### Records for the task
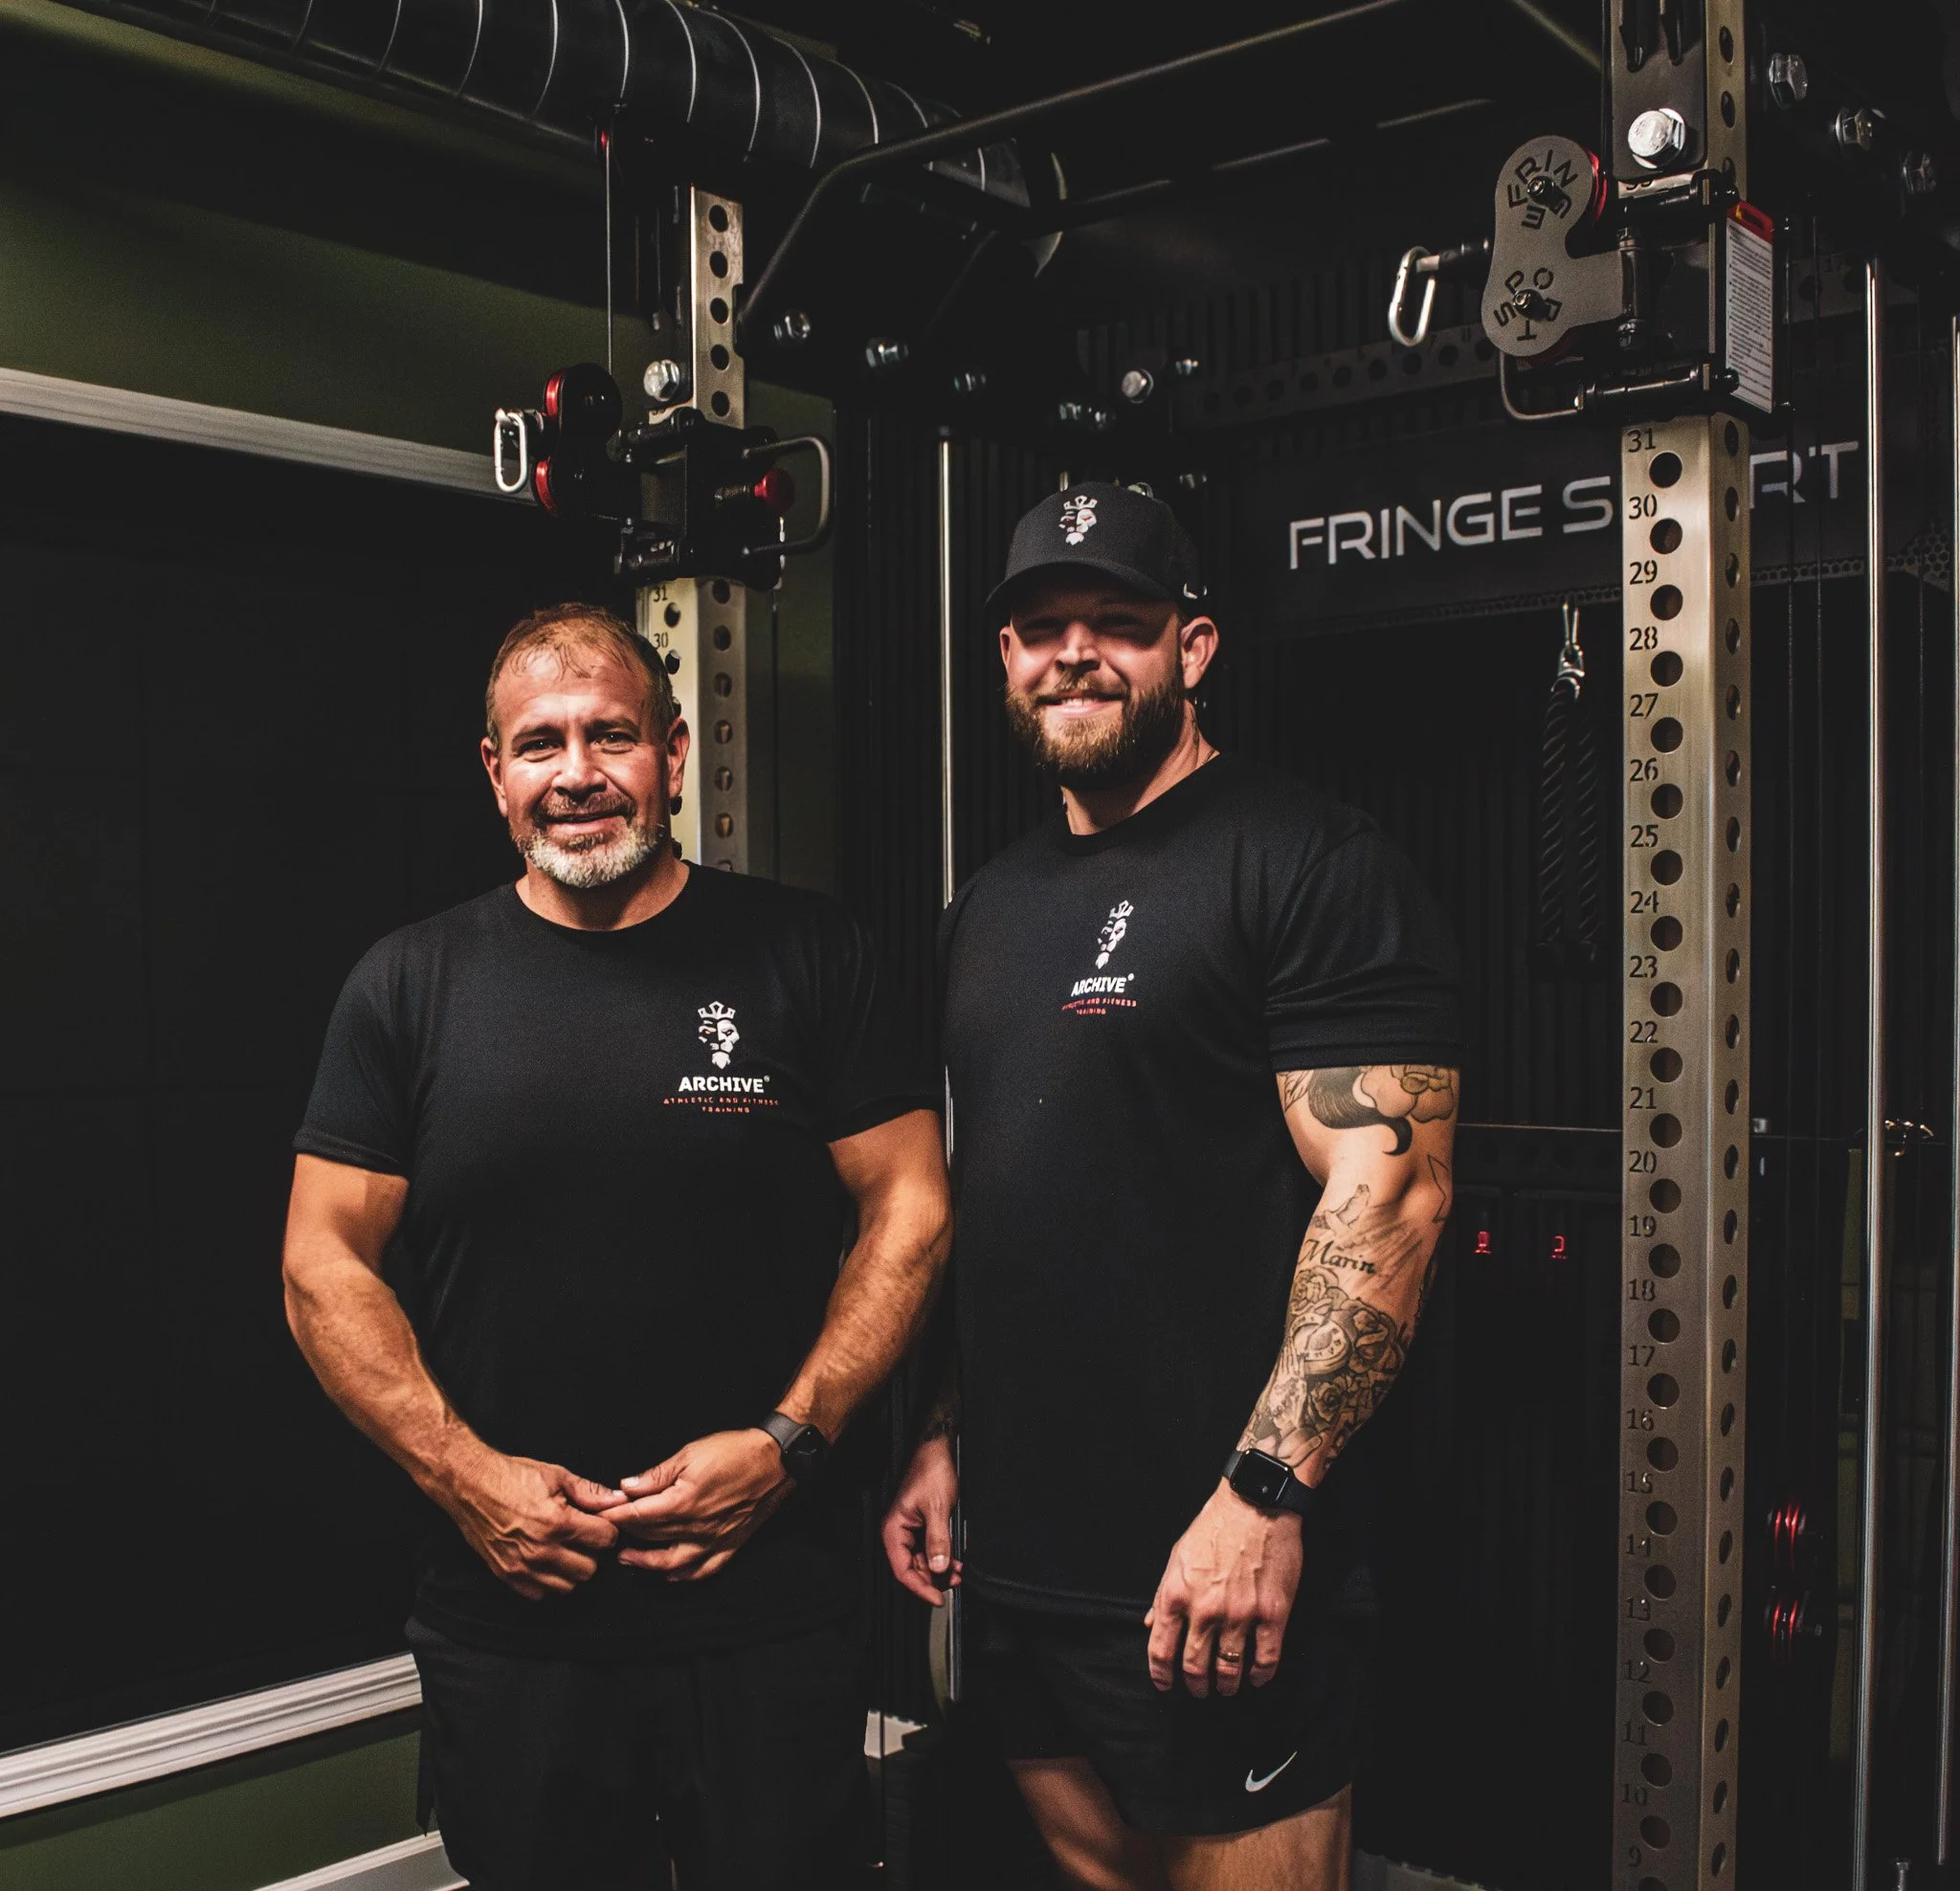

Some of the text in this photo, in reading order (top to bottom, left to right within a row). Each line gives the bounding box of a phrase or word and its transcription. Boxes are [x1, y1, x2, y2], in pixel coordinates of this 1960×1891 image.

[1628, 428, 1657, 453] 31
[1289, 441, 1859, 569] FRINGE SRT
[1629, 494, 1658, 520] 30
[1630, 560, 1658, 585] 29
[653, 585, 668, 603] 31
[653, 632, 669, 650] 30
[1630, 626, 1658, 651] 28
[1630, 694, 1659, 719] 27
[1630, 758, 1658, 782] 26
[1631, 825, 1659, 848] 25
[1630, 891, 1659, 914] 24
[1630, 956, 1658, 978] 23
[1630, 1021, 1658, 1043] 22
[1630, 1087, 1657, 1109] 21
[1629, 1150, 1657, 1173] 20
[1629, 1215, 1657, 1237] 19
[1628, 1279, 1656, 1301] 18
[1628, 1345, 1656, 1367] 17
[1627, 1408, 1655, 1432] 16
[1627, 1471, 1653, 1494] 15
[1626, 1597, 1651, 1621] 13
[1623, 1659, 1650, 1683] 12
[1622, 1722, 1648, 1746] 11
[1621, 1783, 1648, 1806] 10
[1629, 1846, 1641, 1867] 9

### Problem requirements
From the first line to the last, retype the material exactly and exclude the pictures.

### Written response
Some of the text in this photo, in reading order (top to bottom, left to right within a row). Each line gives the bounding box of a phrase or word and its transcription. Boxes are [x1, y1, x2, y2], in pixel coordinates of this 1960×1891 image.

[1628, 428, 1657, 453] 31
[1289, 441, 1859, 569] FRINGE SRT
[1629, 494, 1658, 520] 30
[1630, 560, 1658, 585] 29
[653, 585, 668, 603] 31
[653, 632, 669, 650] 30
[1630, 626, 1658, 651] 28
[1630, 694, 1659, 719] 27
[1630, 758, 1658, 782] 26
[1631, 825, 1659, 848] 25
[1630, 891, 1659, 914] 24
[1630, 956, 1658, 978] 23
[1630, 1021, 1658, 1043] 22
[1630, 1087, 1657, 1109] 21
[1629, 1150, 1657, 1173] 20
[1629, 1215, 1657, 1237] 19
[1628, 1279, 1656, 1301] 18
[1628, 1345, 1656, 1367] 17
[1627, 1408, 1655, 1432] 16
[1627, 1471, 1653, 1494] 15
[1626, 1597, 1651, 1621] 13
[1623, 1659, 1650, 1683] 12
[1622, 1722, 1648, 1746] 11
[1621, 1783, 1648, 1806] 10
[1629, 1846, 1641, 1867] 9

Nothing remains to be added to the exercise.